By Freddie Ulan, DC, CCN
When you analyze your practice, the first thing you need to look at is: are you helping volumes of people? And “volumes” is very definitely a relative term. It’s not how many patients you are seeing, it’s how many people you are helping.
I know plenty of practices that are seeing huge quantities of patients. I have a chiropractic friend who was seeing a hundred to two hundred patients a day for years. All of a sudden, I find him on Venice Beach in California in the middle of the week.
I said, “Hey, you on vacation?”
“Yeah, you could say that.”
“How’s the practice going?”
“It’s gone. It’s going really well. Gone, I’m out of it.”
And I said, “How could you be out of it?”
“I burned out.”
What is burnout all about? Burnout is about too much work without getting enough results. That’s what burnout is. When you see people who are burning out, it’s not that they are not helping people. These are guys who were doing a lot of good for a lot of people. But the guys I’ve actually seen experience the most burnout are the ones who grasped the idea of what we were trying to do originally with chiropractic and one day realized that they weren’t accomplishing that. They were giving a lot of people a lot of adjustments, but they weren’t getting sick people well. And one day they said to themselves, “Oh god, why am I even getting up in the morning?”
That’s what burnout is all about. So, the question is: are you helping volumes of people? To clarify what I mean by helping, here’s what I look at. I look at the fact that there are far more people out there who need what we have to offer than we could possibly handle. Therefore, helping, by definition, means putting them back in control of their own health and life. My ideal scene is somebody comes and sees me two or three times a year for a checkup so I can update their program as they’re maturing; reduce the stress of that accumulation of life on them.
Let’s take this one step further: is your practice stress-free and totally enjoyable? Most of the people I talk to who want to have bigger practices do not have stress-free practices. Some of them are actually worried about what would happen if they’re practice did get bigger. I’ll use a good friend of mine as an example. It may sound like a joke to you, but it was actually true that her practice was so small and stressful that the idea of magnifying it and getting it bigger was frightening to her.
The bottom line is: if you are actually seeing the right patients for you and orienting them properly to what you do and what their job is, once you’ve accepted them, and once you’ve gotten that patient to the point where they actually accept your recommendations and are on board and committed to completing a program, all your stress is gone. It’s absolutely amazing.

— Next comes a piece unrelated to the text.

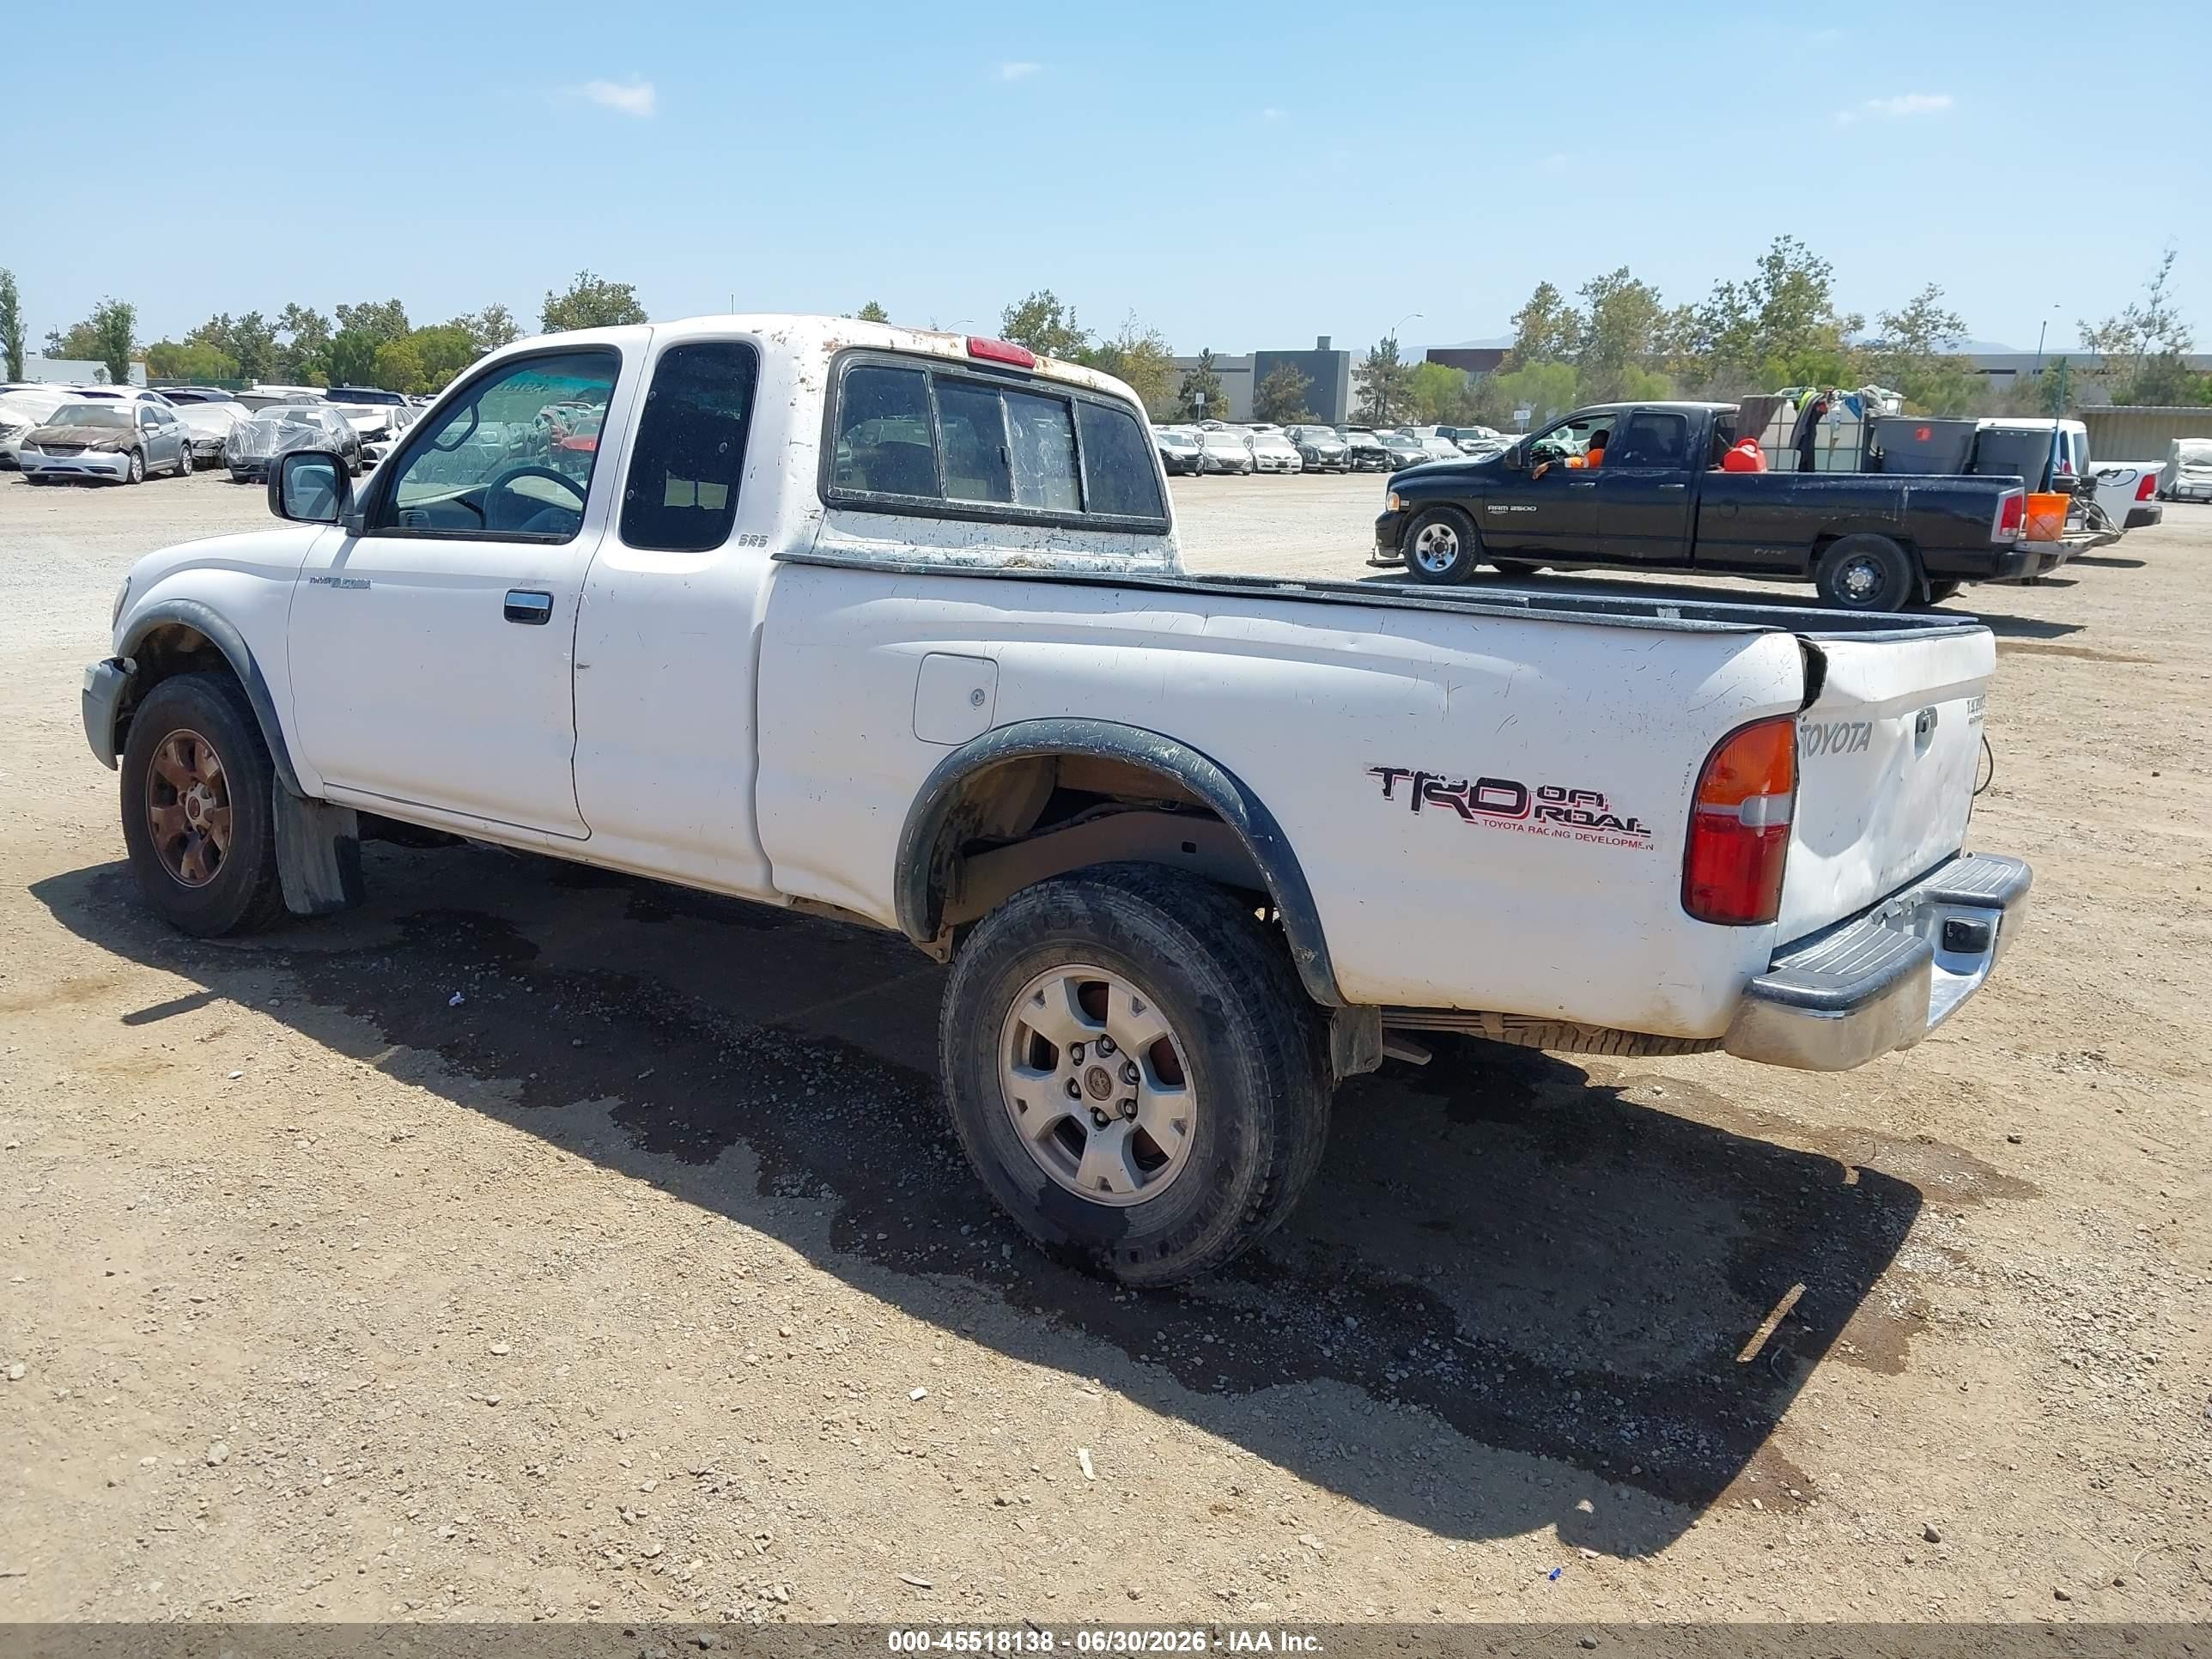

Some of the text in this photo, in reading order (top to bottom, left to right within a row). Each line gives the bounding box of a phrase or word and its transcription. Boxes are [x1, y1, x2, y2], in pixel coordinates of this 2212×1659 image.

The stress that you are experiencing in your practice, to the degree that you have stress, is all due to one or more of those factors missing. You either accepted a patient who was not right for your practice and you’re trying to make them right. Have you had that one? Man, do those people tire you out. It’s just exhausting! My chronic fatigue would come back overnight just thinking about it.
Does the patient understand what the program is so that when you’ve put them on a program, they actually know what it is? If they don’t understand it, how can they possibly agree and how can they possibly commit? We actually have to create the scenario so that we have tons of people we are capable of seeing and having tons of people on our lines who are fully with us.
The most important person in your practice is you, by the way. You are the most important person in your practice. You need to survive in order to help all these other people. The thing is, who are all these other people? They’re the ones who are right for you. And I don’t mean to be getting metaphysical here at all, it’s just an observable truth.
There are people who are right for you and people that aren’t. And the patients that are right for you will jump through each of the hoops that you’ll see we’ve set up for them to jump through and make it through those hoops. And when they arrive and make it through that last hoop they’ve arrived and they’re on board with you. They’re just like family. They’re there to do what you know they need to do, they know that you’re the one who knows what they need to do and they’re going to do it.